McIntyre’s lifetime of service embodies the highest values of the WSBA and the legal profession. Whether providing volunteer leadership through WSBA sections and committees, or through service as an access-to-justice leader, McIntyre has led by example with intelligence, wit, humility, and the ability to build community in furtherance of the equal-justice mission and its core values.

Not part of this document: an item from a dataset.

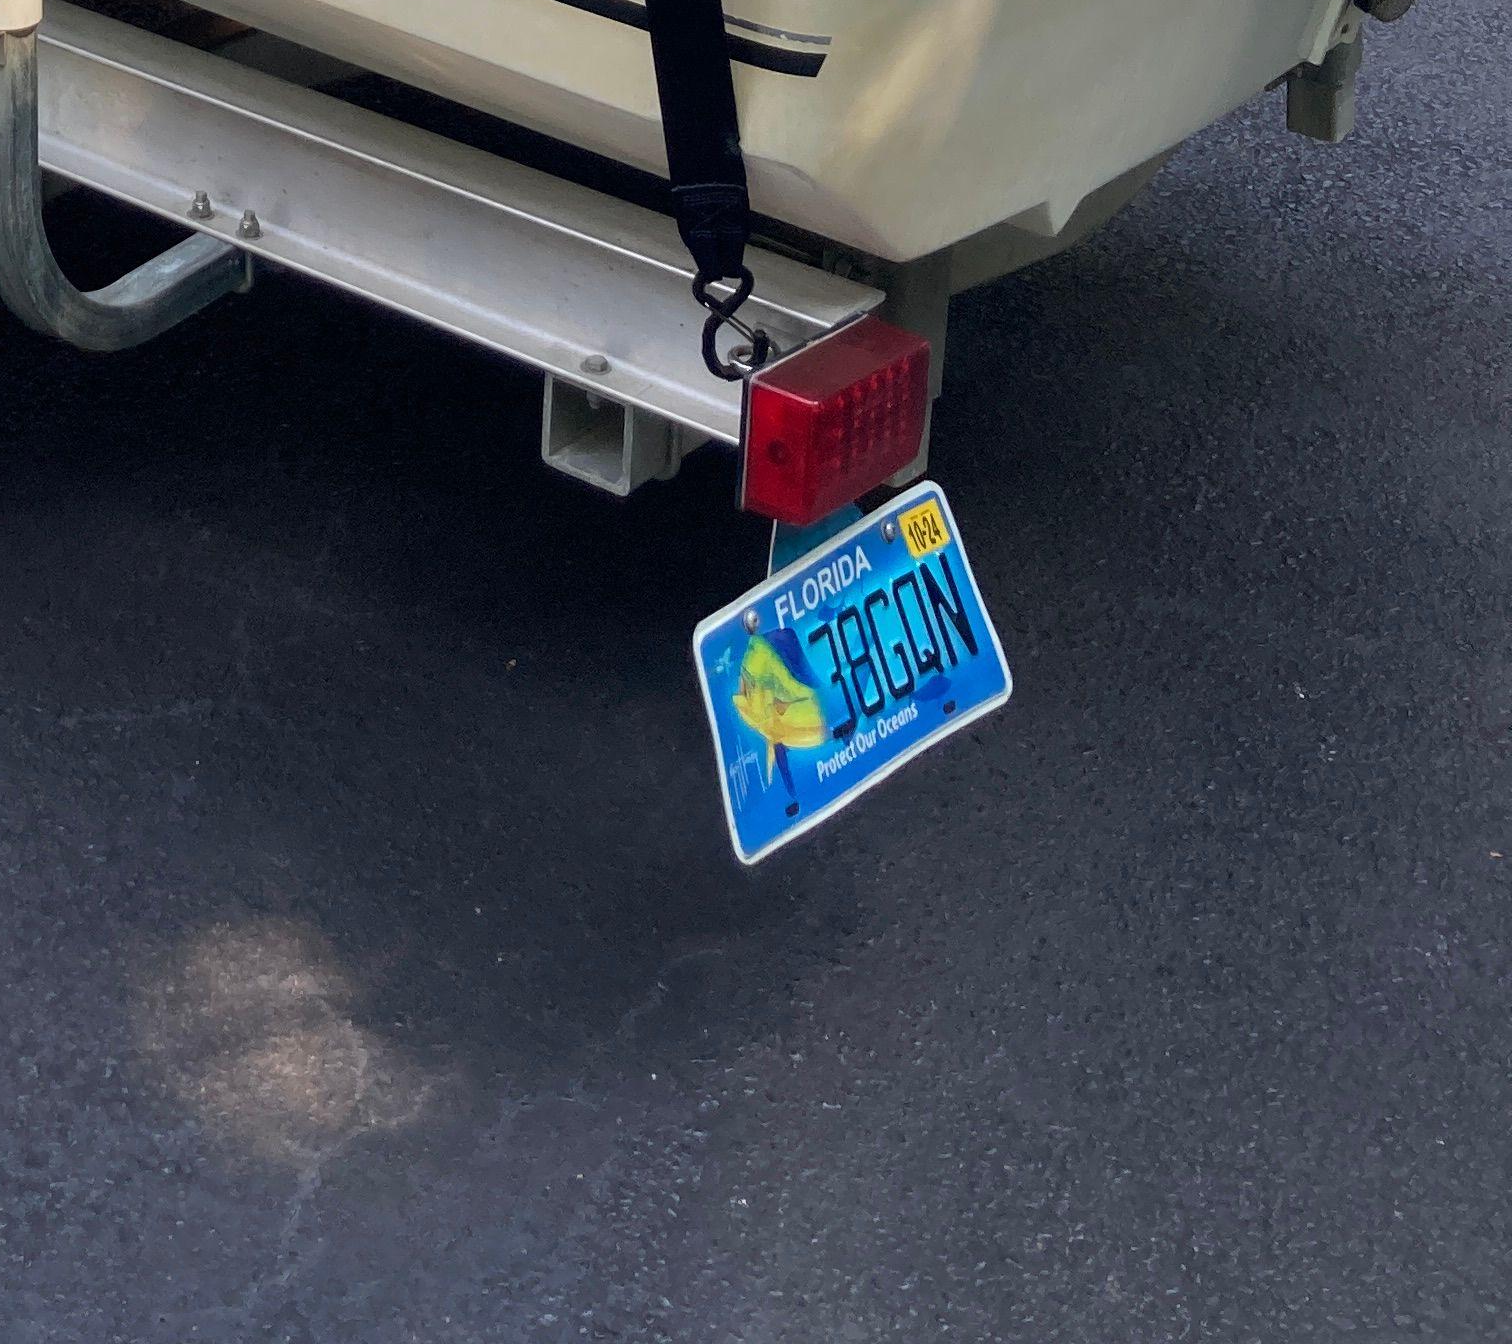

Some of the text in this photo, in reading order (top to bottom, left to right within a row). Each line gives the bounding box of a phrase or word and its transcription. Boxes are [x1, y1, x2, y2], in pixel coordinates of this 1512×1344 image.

[907, 514, 943, 554] 10-24
[774, 546, 873, 630] FLORIDA
[816, 701, 919, 783] Protect Our Oceans

In nominating McIntyre for this award, Christine E. Crowell, chair of the Access to Justice Board, wrote: “In the leadership book Flight of the Geese, the ‘lead goose’ has the toughest and most exhausting job in the flock, ‘riding point’ and facing the strongest resistance from the wind.... Mac has shouldered this toughest of all burdens for nearly 30 years. It is fitting, as he drops back to take his well-deserved change in role, that we acknowledge and honor his lifetime of leadership with the recognition from our profession’s leadership organization, the WSBA, as its highest level of achievement.”

About the WSBA
 
The WSBA is part of the judicial branch, exercising a governmental function authorized by the Washington State Supreme Court to license the state’s 29,800 lawyers. The WSBA both regulates lawyers under the authority of the Court and serves its members as a professional association ¯ all without public funding.
 
As a regulatory agency, it administers the bar admission process, including the bar exam; provides record-keeping and licensing functions; and administers the lawyer-discipline system. As a professional association, the WSBA provides continuing legal education for attorneys, in addition to numerous other educational and member-service activities.
 
The governance of the WSBA is vested in its 14-person Board of Governors. There are three governors from the seventh congressional district; one from each of the other eight districts; and three at-large members, one of whom represents the Young Lawyers Division. The 2006-2007 president is Ellen Conedera Dial, of Seattle, and the 2006-2007 president-elect is Stanley A. Bastian, of Wenatchee.
 
The Board meets regularly (every six weeks) at various locations around the state, and its meetings are open to the public. Much of the work of the Bar is carried out through 23 standing committees; 26 sections; and a Young Lawyers Division, with its many committees.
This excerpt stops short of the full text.